There is no doubt that this gentleman, who is inaptly nicknamed ‘High Priest,’ would be making a beeline to jail if section 183A was applicable today or if he had uttered those words with respect to a chief. However, parliament repealed section 183A in 2001. You and I did not have much of a say in that. In effect, notwithstanding our collective angst (real or pretended) at what the gentleman said, it does not constitute a criminal offence; and that is my position. For will or for woe, we have the rather anomalous situation where it is not an offence to insult the President, who is by law the number one citizen of the lad, but it is an offence to insult a chief.



OFFENSIVE CONDUCT

You make quite a song and dance over section 207. Of course, I am aware of section 207. However, I think that it would have been better if that section had not been mentioned at all in connection with this matter. You are right that that section relates to offensive conduct, but it specifically provides as follows:



"A person who in a public place or at a public meeting uses threatening, abusive or insulting words or behaviour with intent to provoke a breach of the peace or by which a breach of the peace is likely to be occasioned, commits a misdemeanour."
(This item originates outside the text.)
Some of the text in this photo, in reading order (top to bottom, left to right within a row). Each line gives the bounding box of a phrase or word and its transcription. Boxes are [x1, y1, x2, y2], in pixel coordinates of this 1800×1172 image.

Even upon first reading, one would notice that the arrest under this section was problematic, and that a prosecution under the section would simply have made this gentleman a hero, because he would have walked free. First, the studio of a private radio station cannot be a “public place” by any stretch of legal principles or any person’s imagination, however fertile, especially when you consider the statutory definition of a “public place” as a “place… to which the public are entitled or permitted to have access.” If even the frontage of a house has been held not to be a “public place,” then how on earth was the prosecution going to convince a court that this statement was made in a public place? Second, how would the prosecution have been able to prove that his words were intended to “provoke a breach of the peace”, or that the words were likely to result in a breach of the peace? Was that ‘likelihood’ going to be judged by the level of tolerance or otherwise of the people who marched to the station? And if that was the case, would it not be easy to conjure up this offence simply by organising people to march whenever we are unhappy with something that is said on air? The prosecution would have been faced with an extremely uphill, if not impossible, task. The arrest by reference to that section was a real stretch, and I was waiting to see how this would play out in court.
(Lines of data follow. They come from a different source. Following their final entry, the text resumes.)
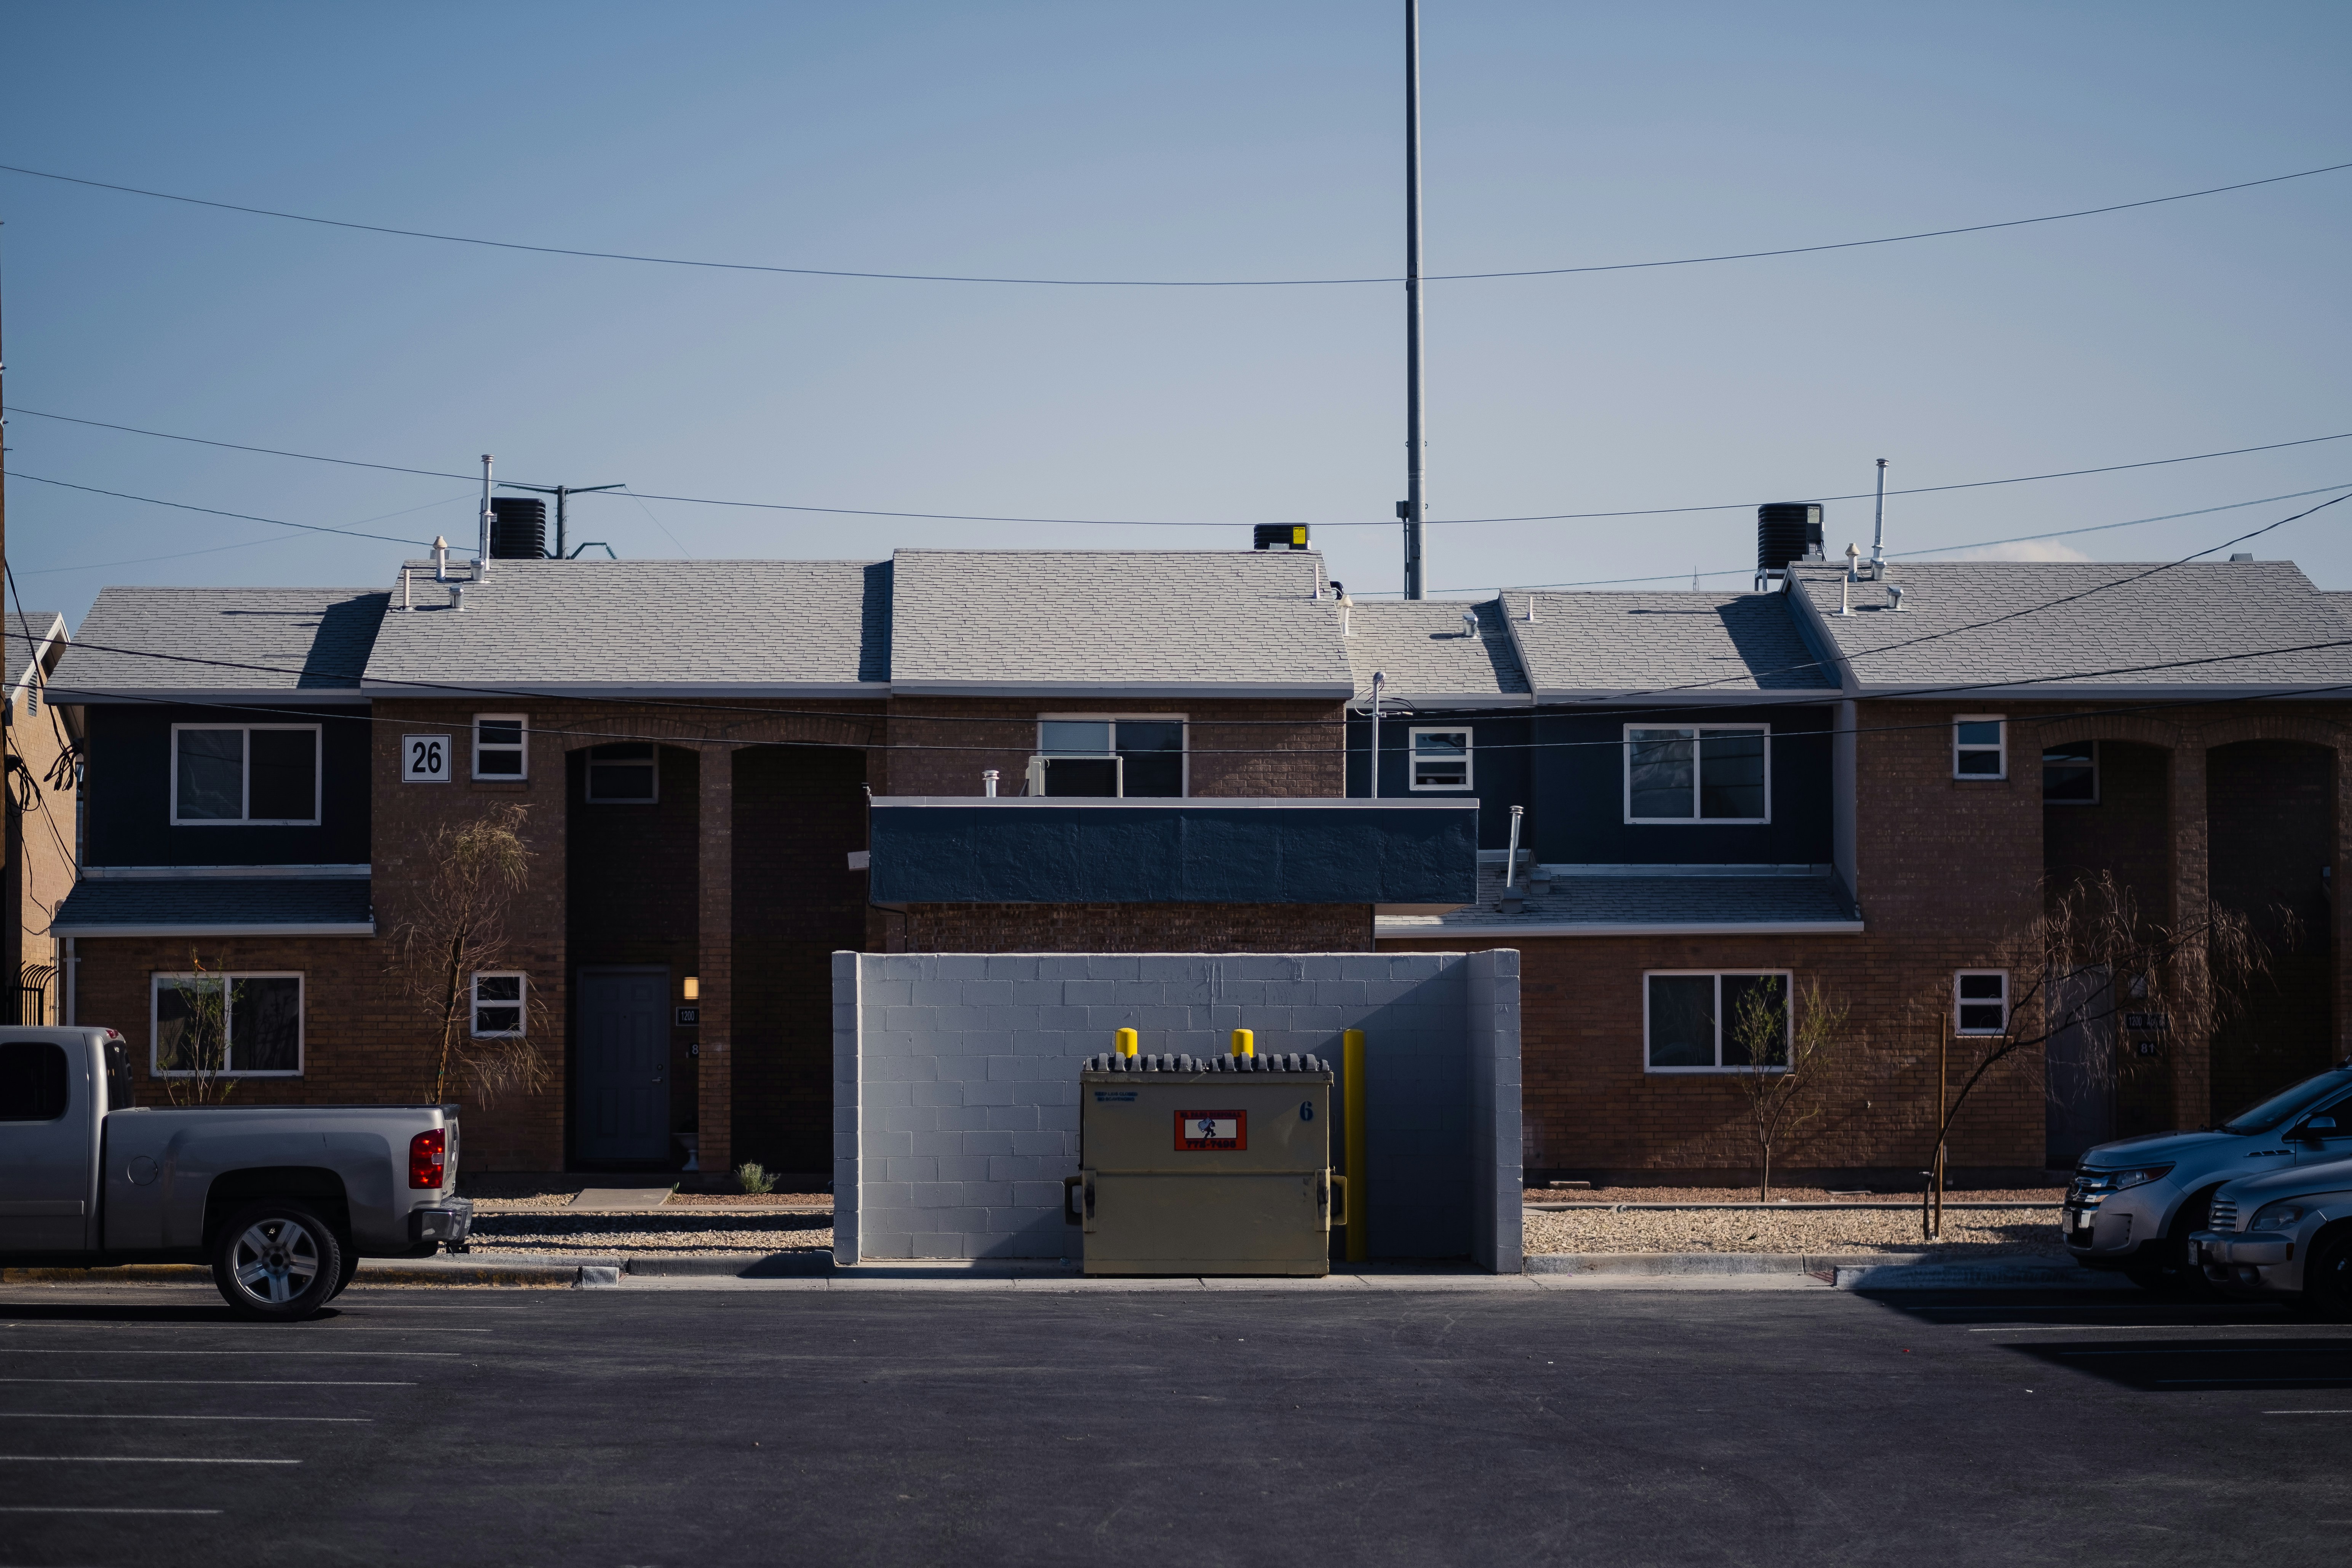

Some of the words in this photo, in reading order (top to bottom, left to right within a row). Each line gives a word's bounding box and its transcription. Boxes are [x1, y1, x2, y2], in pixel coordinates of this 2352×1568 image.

[412, 741, 441, 774] 26
[681, 1010, 694, 1021] 1200
[2129, 1015, 2142, 1026] 1200
[2141, 1043, 2154, 1054] 81
[1300, 1101, 1313, 1121] 6
Third, the police would really have had to deal with legitimate questions about why various people have heaped and dumped insults on others on radio stations and in newspapers (as you have done to me), and yet the police have not acted and stretched section 207 to cover those situations. I am pretty certain that graver minds have prevailed.



FORGIVENESS

Somehow, all of this is now moot because the President forgave the gentleman and requested that the police should abandon the case. That, in my view, and contrary to what others have expressed, is a proper application of the spirit behind section 73 of the Courts Act, which encourages the settlement of non-felony criminal matters, even when they are on trial. Many (including me, I must admit) would have wished the President had sued this gentleman in our civil courts; but I must also concede that it was probably prudent and clever of the President to ignore this and focus on his job.



CONCLUSION

In conclusion, Mr. Editor, you may state that you disagree with me and my view of the law. That is democracy. But in a near rabid fit of anger and literally foaming at the mouth, you have gone way overboard, waxing adjectival, and describing me with choice words that surprise me. I cannot use the same words, even if I try very hard. I could have gone to court to seek redress; but that is not my style. However if you would do me the honour of publishing this response with the same prominence as your ‘Frontpage Comment’, then maybe, just maybe, your readers would have the opportunity to compare what you wrote with what I have to say, and judge for themselves whether your choice of words was appropriate under the circumstances.